(Records from a collection)
________

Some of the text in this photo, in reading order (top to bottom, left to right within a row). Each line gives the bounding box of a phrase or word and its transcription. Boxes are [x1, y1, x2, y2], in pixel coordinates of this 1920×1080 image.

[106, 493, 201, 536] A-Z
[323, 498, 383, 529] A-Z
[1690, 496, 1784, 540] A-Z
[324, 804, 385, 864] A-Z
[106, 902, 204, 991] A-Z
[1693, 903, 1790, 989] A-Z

________

To do: Reproduce all the entries above. Match them exactly.

Reply:
Some of the text in this photo, in reading order (top to bottom, left to right within a row). Each line gives the bounding box of a phrase or word and its transcription. Boxes are [x1, y1, x2, y2], in pixel coordinates of this 1920×1080 image.

[106, 493, 201, 536] A-Z
[323, 498, 383, 529] A-Z
[1690, 496, 1784, 540] A-Z
[324, 804, 385, 864] A-Z
[106, 902, 204, 991] A-Z
[1693, 903, 1790, 989] A-Z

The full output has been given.